Another limitation was the collapse of all POC into one group in certain analyses. This was done given the very small proportions of certain racially minoritised groups represented in the sample (e.g. 0·2 % identified as Middle Eastern/North African). Racially minoritised groups may have very different experiences when accessing food assistance resources; collapsing these groups obscures any disparities and overly simplifies the comparison to a racial majority(Reference Chaiyachati, Peña and Montoya-Williams44). Future research may analyse the dataset with narrower race definitions to more accurately capture the experiences of Alaska Native, American Indian, Asian, Black/African American, Latino/a/Hispanic, Middle Eastern/North African, Native Hawaiian/Pacific Islander and Biracial/Multiracial populations. Culturally informed policy and practices can then more accurately capture the distinct experiences, needs and challenges of a community. Future research can also explore relationships between other variables captured in the USTS dataset including age, gender identity and expression, disability status, citizenship and immigration status and religious or spiritual identity, among others.

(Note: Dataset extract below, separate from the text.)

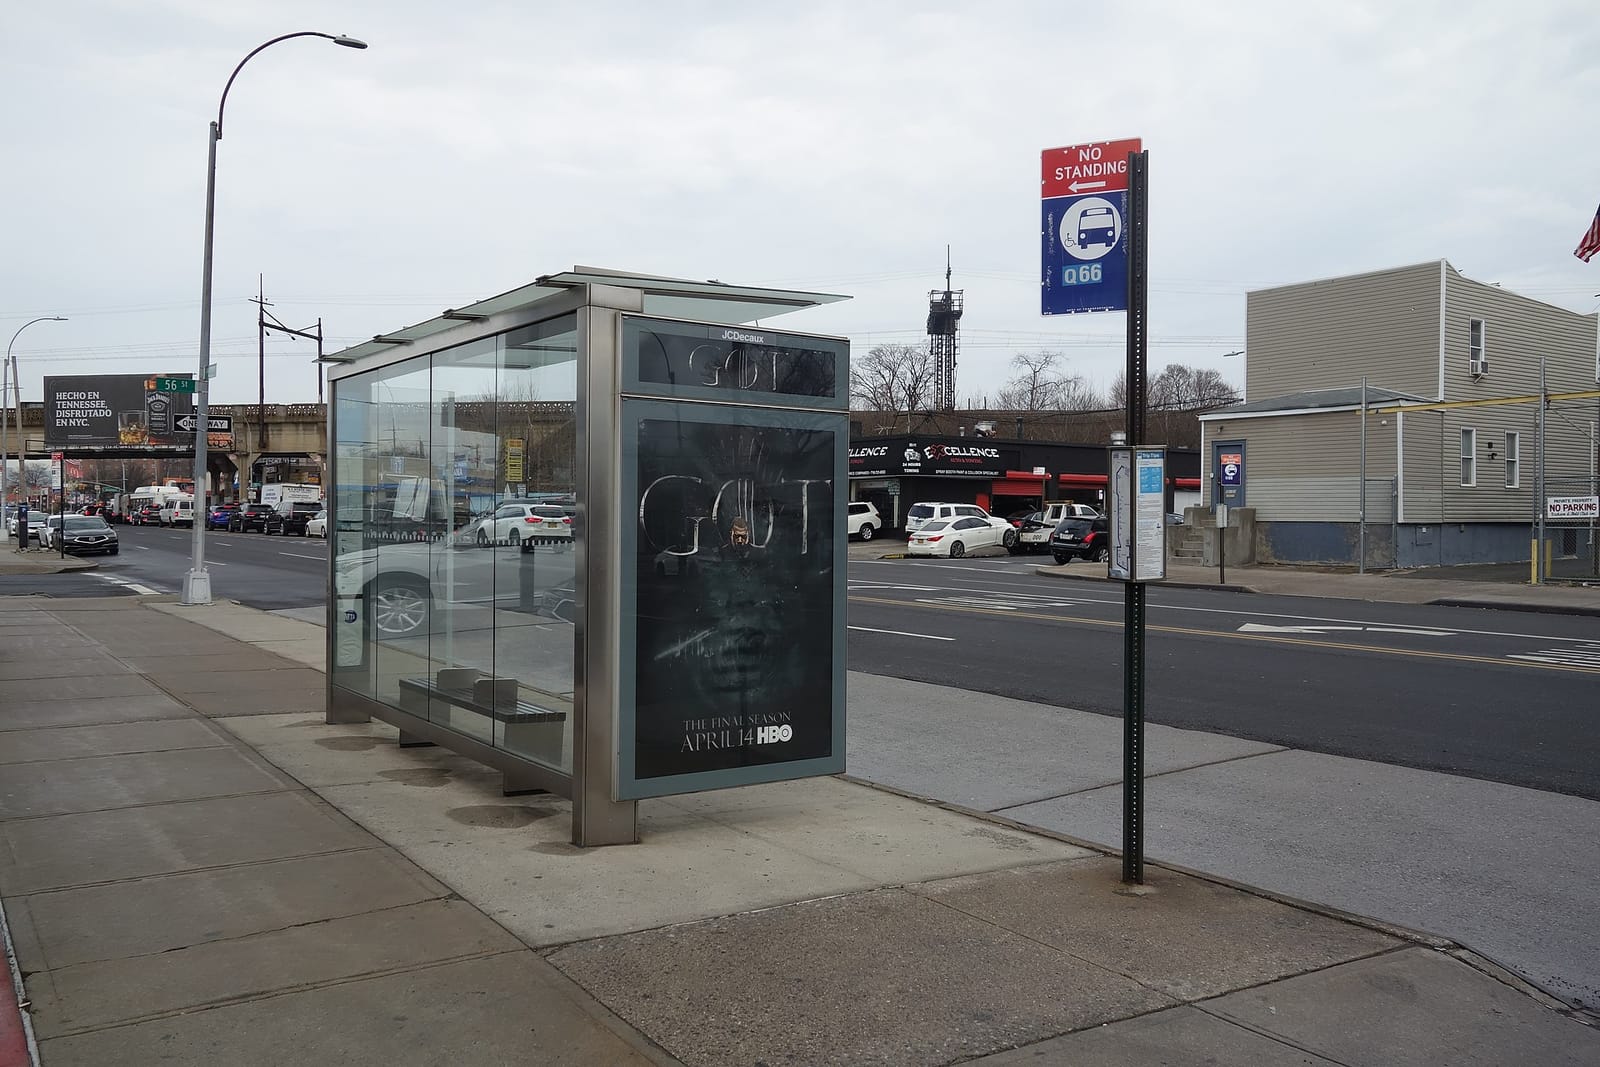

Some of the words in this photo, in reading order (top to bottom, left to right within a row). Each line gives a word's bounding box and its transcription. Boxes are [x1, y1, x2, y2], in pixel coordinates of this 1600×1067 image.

Future research can track SNAP and WIC eligibility and participation among TGD populations over time, especially using future USTS datasets. Given that the dataset only captured a handful of reasons why people may not be using SNAP or WIC, future research may address the breadth of possible barriers using qualitative methods. Lastly, future studies may explore the efficacy of policy changes and interventions aimed to ameliorate the disproportionate impact of food insecurity among TGD populations.
Conclusion
Far more TGD adults need food assistance, yet fewer are receiving the benefit compared with the general population – a problem compounded for TGD POC. TGD adults had negative experiences when visiting a public assistance office, such as being verbally harassed, and in turn avoided visiting altogether. Interventions are needed to improve food security, increase SNAP enrolment and address the negative experiences faced by TGD adults when accessing food assistance benefits.
Financial support
This work was supported by the National Institutes of Health Clinical and Translational Science Award Program, Grant #UL1 TR002345 (Linsenmeyer), and discretionary intramural funds of the senior author (Athena Sherman).
Conflict of interest
There are no conflicts of interest.
Authorship
W.L. and T.C. conceptualised the design and methods. W.L. and T.C. acquired the resources to complete the study. T.C. completed the data analysis. W.L. and T.C. wrote the original draft. W.L., T.C., R.H. and H.S. reviewed and commented on subsequent drafts of the manuscript.
Ethics of human subject participation
This study was conducted according to the guidelines laid down in the Declaration of Helsinki, and all procedures involving research study participants were approved by the Saint Louis University Institutional Review Board, which deemed this study did not constitute human subjects research as it involved secondary data analysis of a dataset with limited identifiers only.